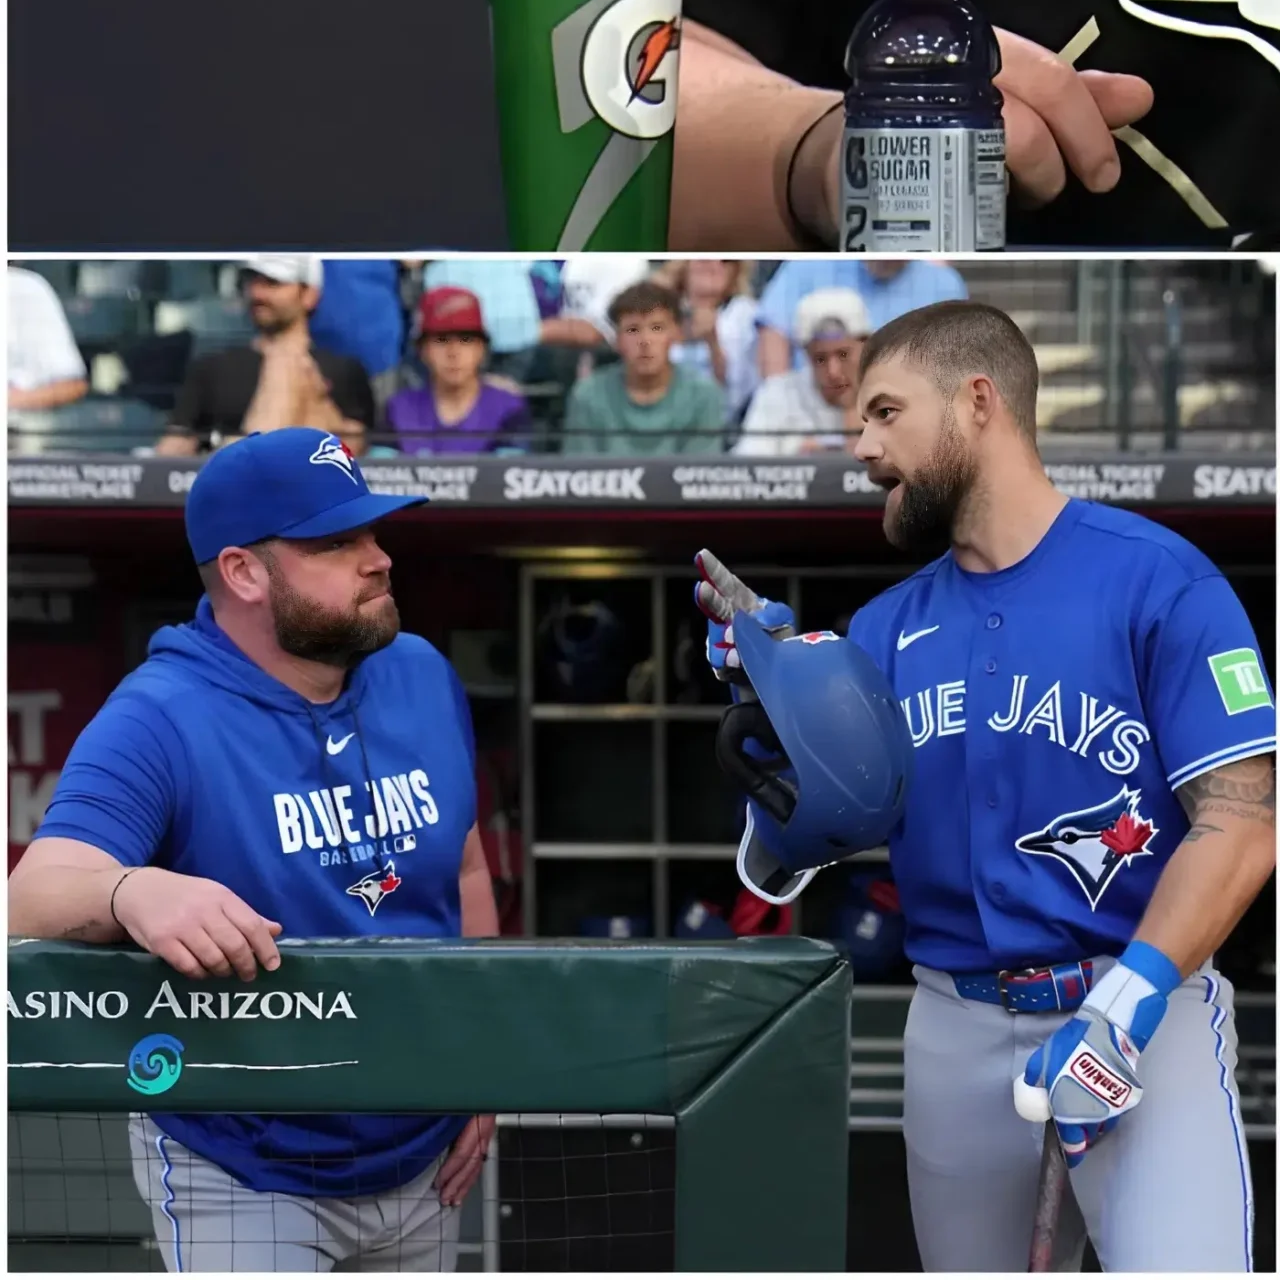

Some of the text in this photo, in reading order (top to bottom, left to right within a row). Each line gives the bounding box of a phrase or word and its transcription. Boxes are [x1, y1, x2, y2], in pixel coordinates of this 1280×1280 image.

[869, 136, 930, 157] LOWER
[869, 159, 930, 181] SUGAR
[503, 467, 646, 500] SEATGEEK
[672, 466, 752, 484] OFFICIAL
[900, 674, 1151, 776] UE JAYS
[273, 769, 440, 854] BLUE JAYS
[7, 990, 129, 1019] ASINO
[1078, 1058, 1128, 1101] Franklin

**Try it:**
Your job is to copy every entry exactly. Omit the pictures.

**Exercise result:**
Some of the text in this photo, in reading order (top to bottom, left to right within a row). Each line gives the bounding box of a phrase or word and its transcription. Boxes are [x1, y1, x2, y2], in pixel coordinates of this 1280×1280 image.

[869, 136, 930, 157] LOWER
[869, 159, 930, 181] SUGAR
[503, 467, 646, 500] SEATGEEK
[672, 466, 752, 484] OFFICIAL
[900, 674, 1151, 776] UE JAYS
[273, 769, 440, 854] BLUE JAYS
[7, 990, 129, 1019] ASINO
[1078, 1058, 1128, 1101] Franklin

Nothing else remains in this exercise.